7.1 We shall be liable according to the law for any negligent breach of essential contractual duties. In as far as we are burdened with neither gross negligence nor wilful acts, we shall only be liable for foreseeable damage.

7.2 In all other cases, we shall be liable if the damage has been caused by the gross or wilful negligence of one of our statutory representatives or by one of our managing employees. Apart from such cases, claims for damage against us due to impossibility of performance, positive violation of contractual duties, breach of duties at the time of contracting including any claims on the basis of the application of these general terms and conditions, claims due to a breach of contractual duties (informatin, biriefing, etc.), claims due to delay or claims in tort as well as claims on any other legal basis, shall be excluded.

7.3 In so far as we provide technical suggestion s and recommendations, without receiving extra payment therefore, these shall be based on careful examination, liability thereto shall nevertheless be excluded. The examination of whether goods delivered or suggested by us are suitable for the customer’s purposes shall be incumbent solely upon the customer.

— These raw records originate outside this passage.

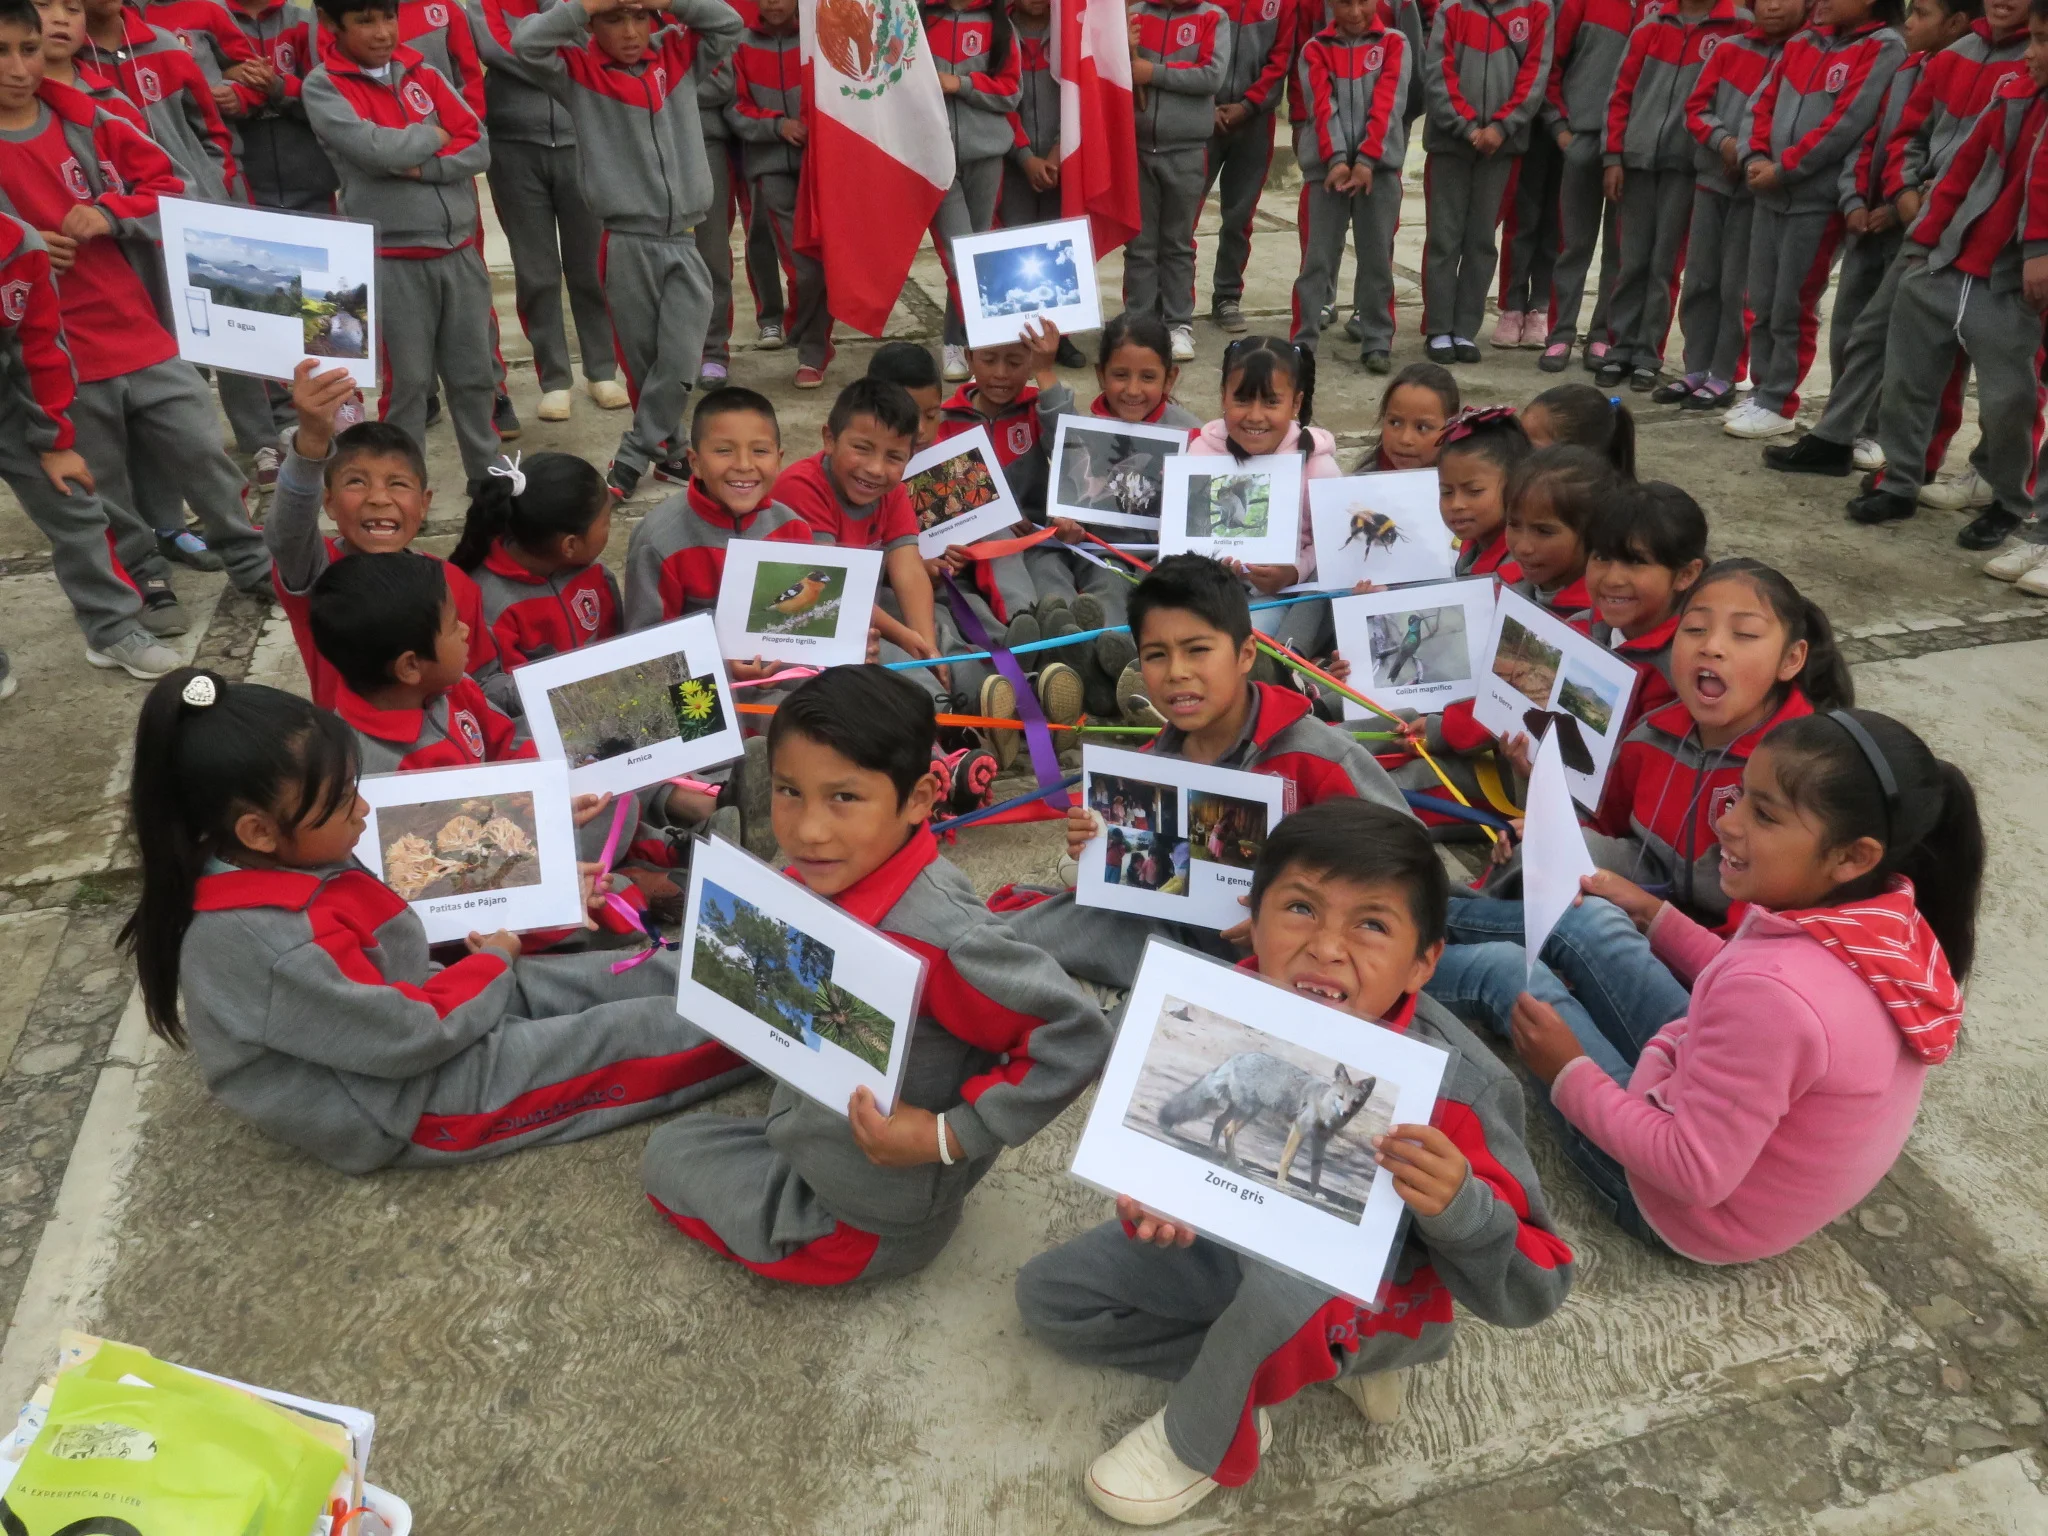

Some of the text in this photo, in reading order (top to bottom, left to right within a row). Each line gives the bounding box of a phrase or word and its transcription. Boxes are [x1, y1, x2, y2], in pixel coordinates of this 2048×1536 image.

[227, 319, 256, 332] El agua
[928, 514, 978, 538] Mariposa monarca
[762, 635, 817, 646] Picogordo tigrillo
[1216, 873, 1253, 888] La gente
[429, 896, 508, 914] Patitas de Pájaro
[770, 1030, 791, 1048] Pino
[1204, 1170, 1265, 1205] Zorra gris
[30, 1488, 99, 1499] EXPERIENCIA
[103, 1491, 117, 1501] DE
[120, 1495, 142, 1507] LEER

7.4 Prior to each large production run of meat products, the customer shall be obliged to carry out a trial run. If the customer breaches this obligation, liability shall be restricted to the loss which would have been incurred if the trial had been run accordingly.

8. Final Provisions

8.1 The place of performance for all obligations on the part of both contractual parties is D-79865 Grafenhausen.

8.2 The place of jurisdiction for all legal disputes in connection with this contract shall be D-79098 Freiburg. Court proceedings may also be brought against the customer, at our discretion, at the customer’s place of jurisdiction.

8.3 This contract shall be subject to German law. The United Nations Convention on the International Sale of Goods (CISG) shall not apply.

8.4 If any terms of this Agreement become void, then this shall not affect the validity of all other terms, provisions and conditions. The invalid term shall be replaced by a legally void arrangement which comes as close as possible to the commercial meaning and purpose of the void provision. The same shall apply in the case of an omission.